Everything in the listing below needs restating exactly, apart from the pictures.

● DATA EXTRACT:
━━━

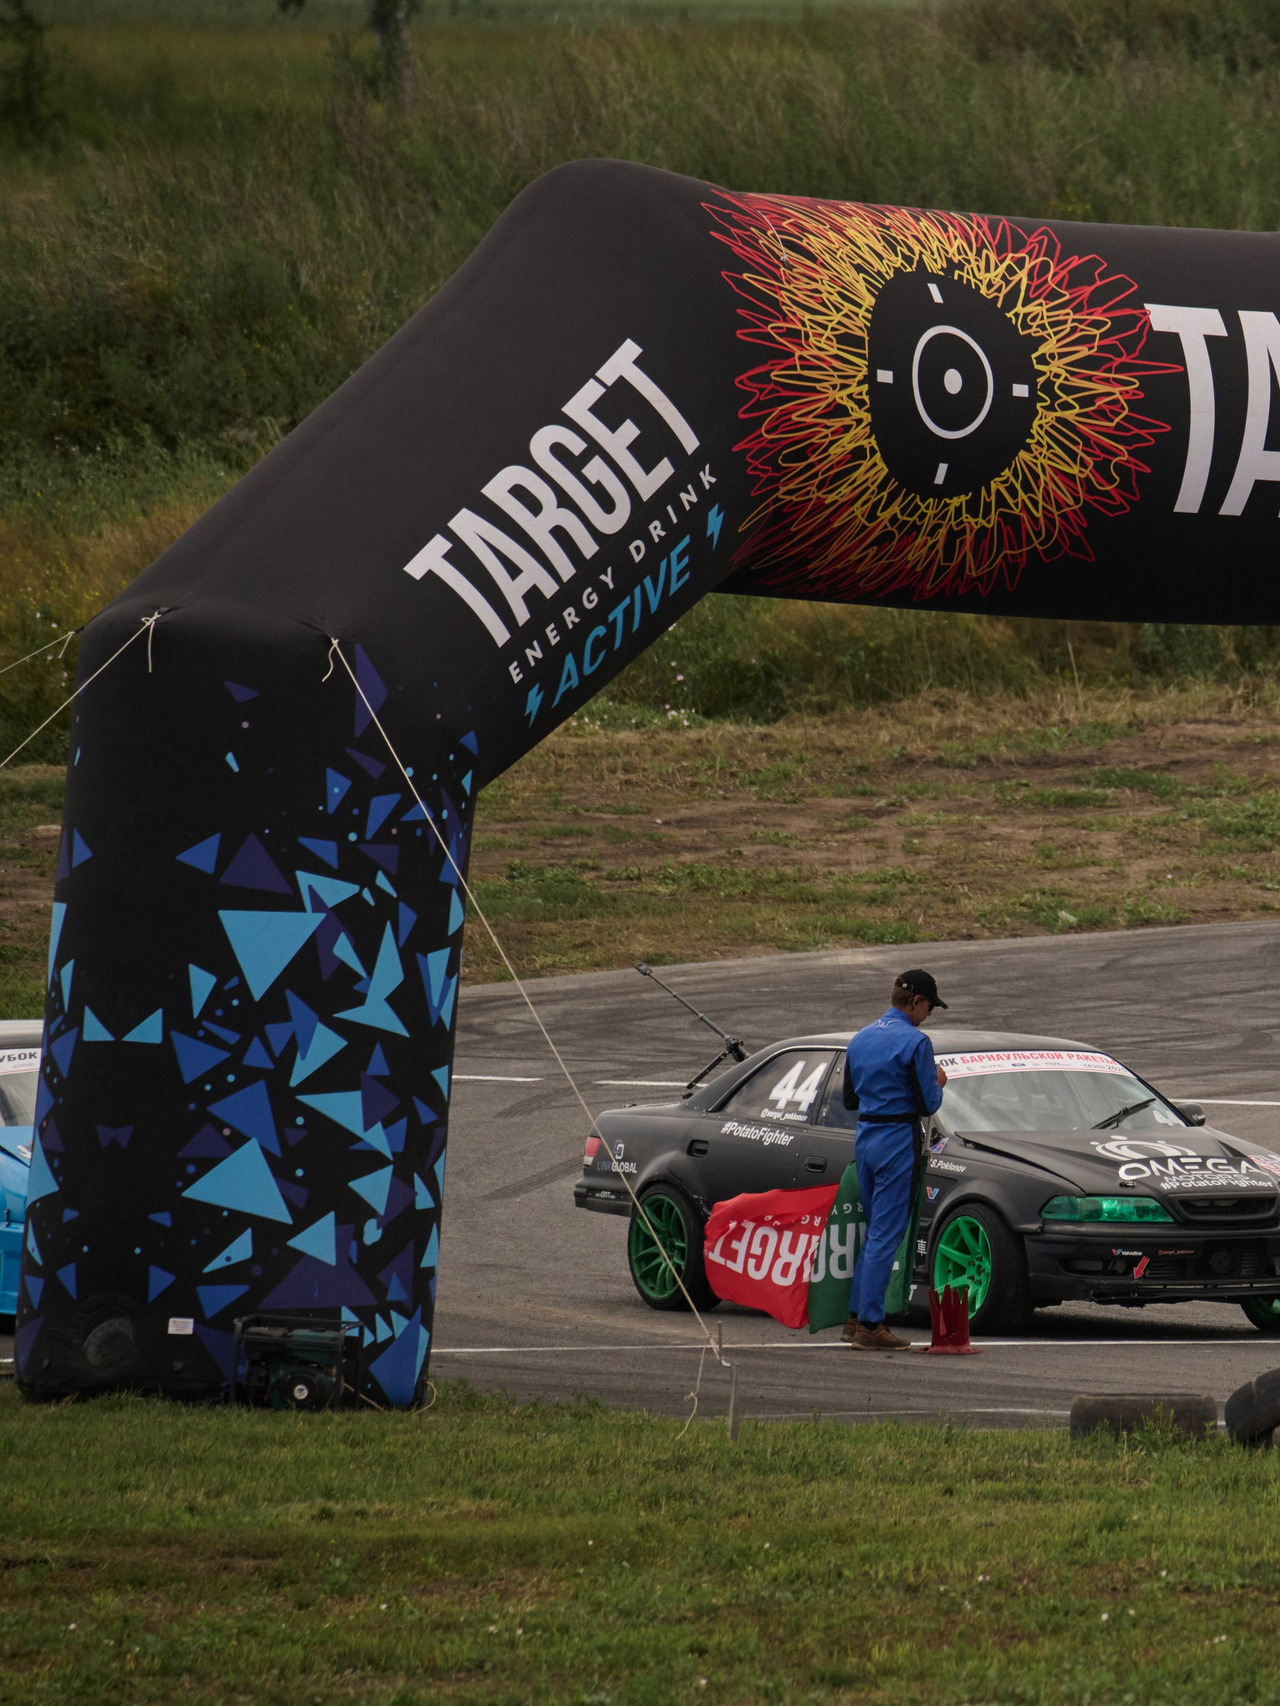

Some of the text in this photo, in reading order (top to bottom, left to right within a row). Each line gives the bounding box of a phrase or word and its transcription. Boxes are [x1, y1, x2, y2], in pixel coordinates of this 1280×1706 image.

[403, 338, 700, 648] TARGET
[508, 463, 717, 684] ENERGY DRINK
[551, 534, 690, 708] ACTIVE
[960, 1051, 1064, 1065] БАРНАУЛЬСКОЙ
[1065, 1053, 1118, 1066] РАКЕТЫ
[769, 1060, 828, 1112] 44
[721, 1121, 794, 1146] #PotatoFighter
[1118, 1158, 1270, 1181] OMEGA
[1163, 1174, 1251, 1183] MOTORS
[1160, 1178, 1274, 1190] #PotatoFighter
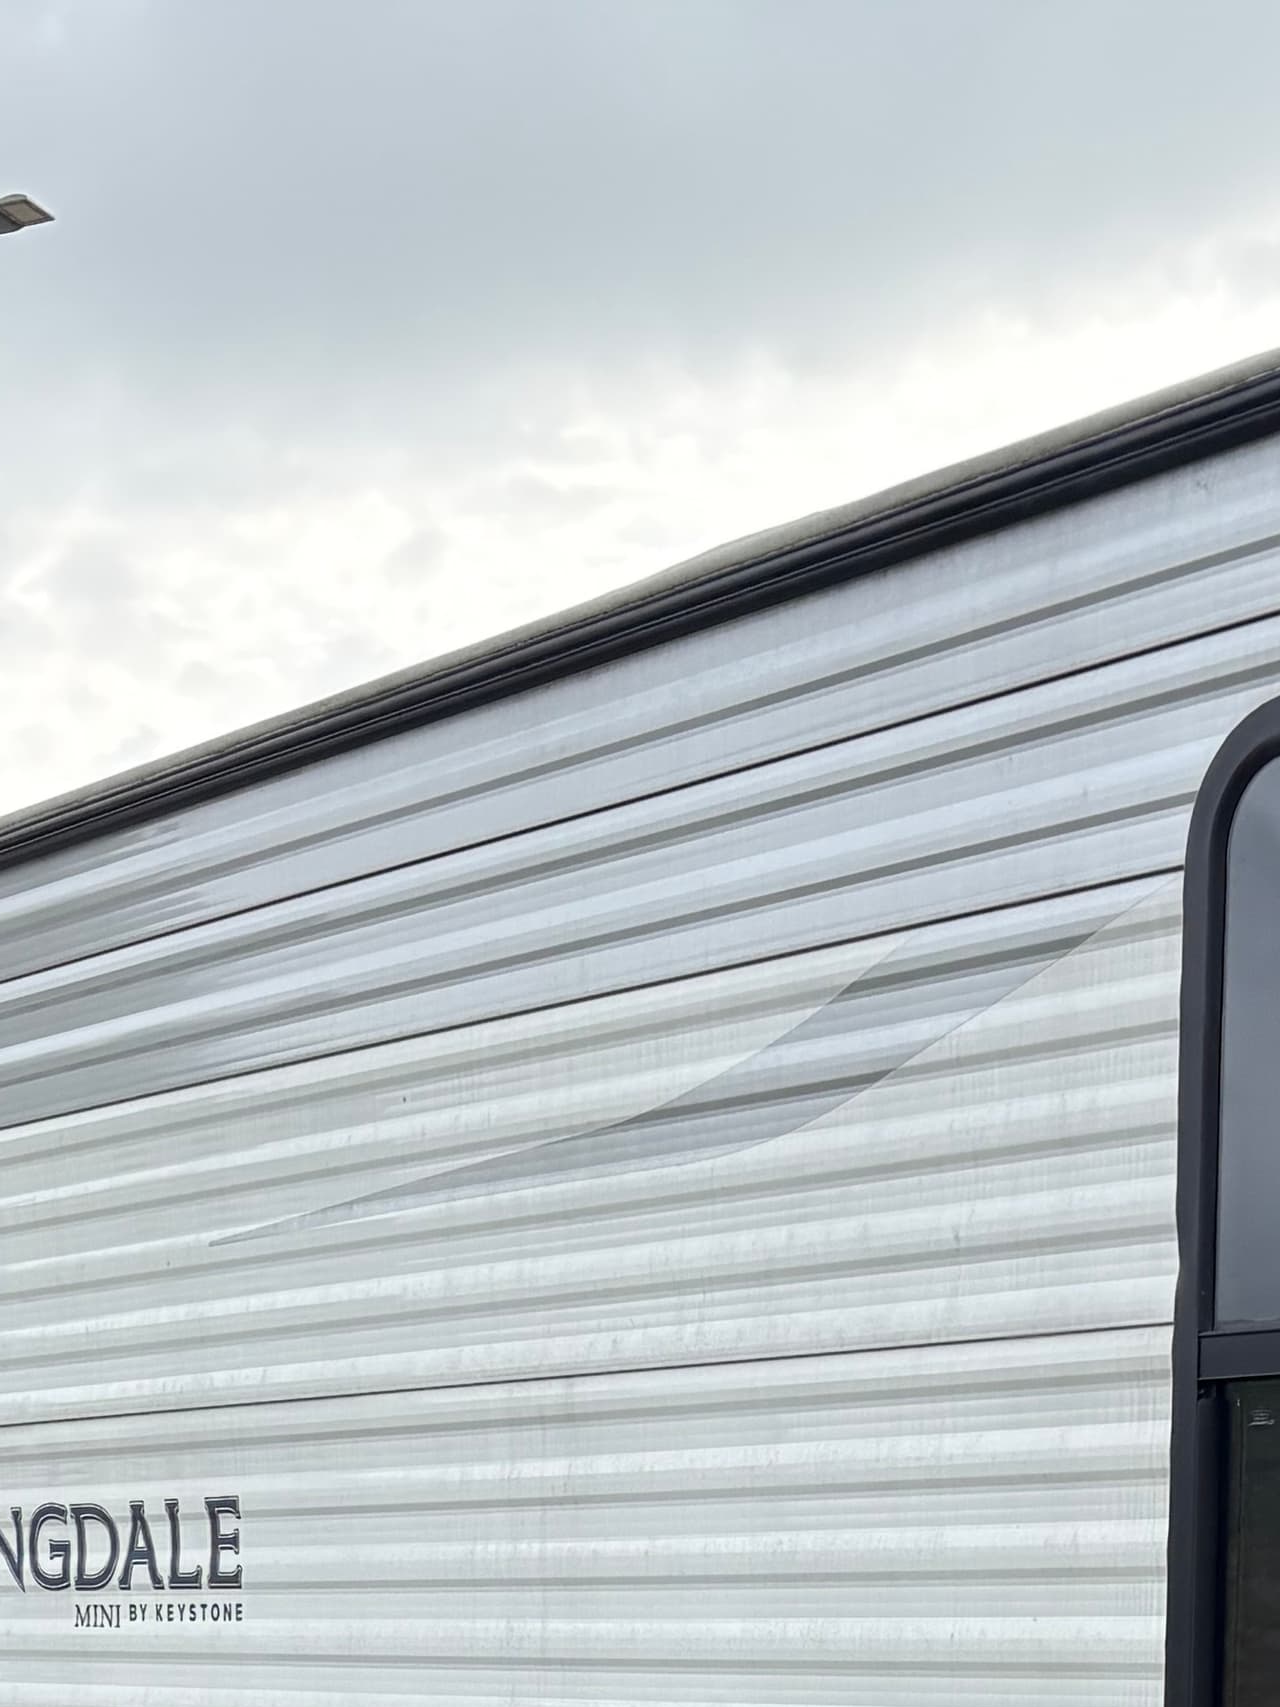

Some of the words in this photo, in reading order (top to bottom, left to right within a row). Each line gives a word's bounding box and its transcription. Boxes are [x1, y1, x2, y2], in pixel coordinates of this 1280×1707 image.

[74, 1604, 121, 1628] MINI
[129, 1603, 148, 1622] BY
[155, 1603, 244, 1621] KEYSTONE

━━━

● WRITTEN REPLY:
Some of the text in this photo, in reading order (top to bottom, left to right within a row). Each line gives the bounding box of a phrase or word and its transcription. Boxes are [x1, y1, x2, y2], in pixel coordinates of this 1280×1706 image.

[403, 338, 700, 648] TARGET
[508, 463, 717, 684] ENERGY DRINK
[551, 534, 690, 708] ACTIVE
[960, 1051, 1064, 1065] БАРНАУЛЬСКОЙ
[1065, 1053, 1118, 1066] РАКЕТЫ
[769, 1060, 828, 1112] 44
[721, 1121, 794, 1146] #PotatoFighter
[1118, 1158, 1270, 1181] OMEGA
[1163, 1174, 1251, 1183] MOTORS
[1160, 1178, 1274, 1190] #PotatoFighter

Some of the words in this photo, in reading order (top to bottom, left to right within a row). Each line gives a word's bounding box and its transcription. Boxes are [x1, y1, x2, y2], in pixel coordinates of this 1280×1707 image.

[74, 1604, 121, 1628] MINI
[129, 1603, 148, 1622] BY
[155, 1603, 244, 1621] KEYSTONE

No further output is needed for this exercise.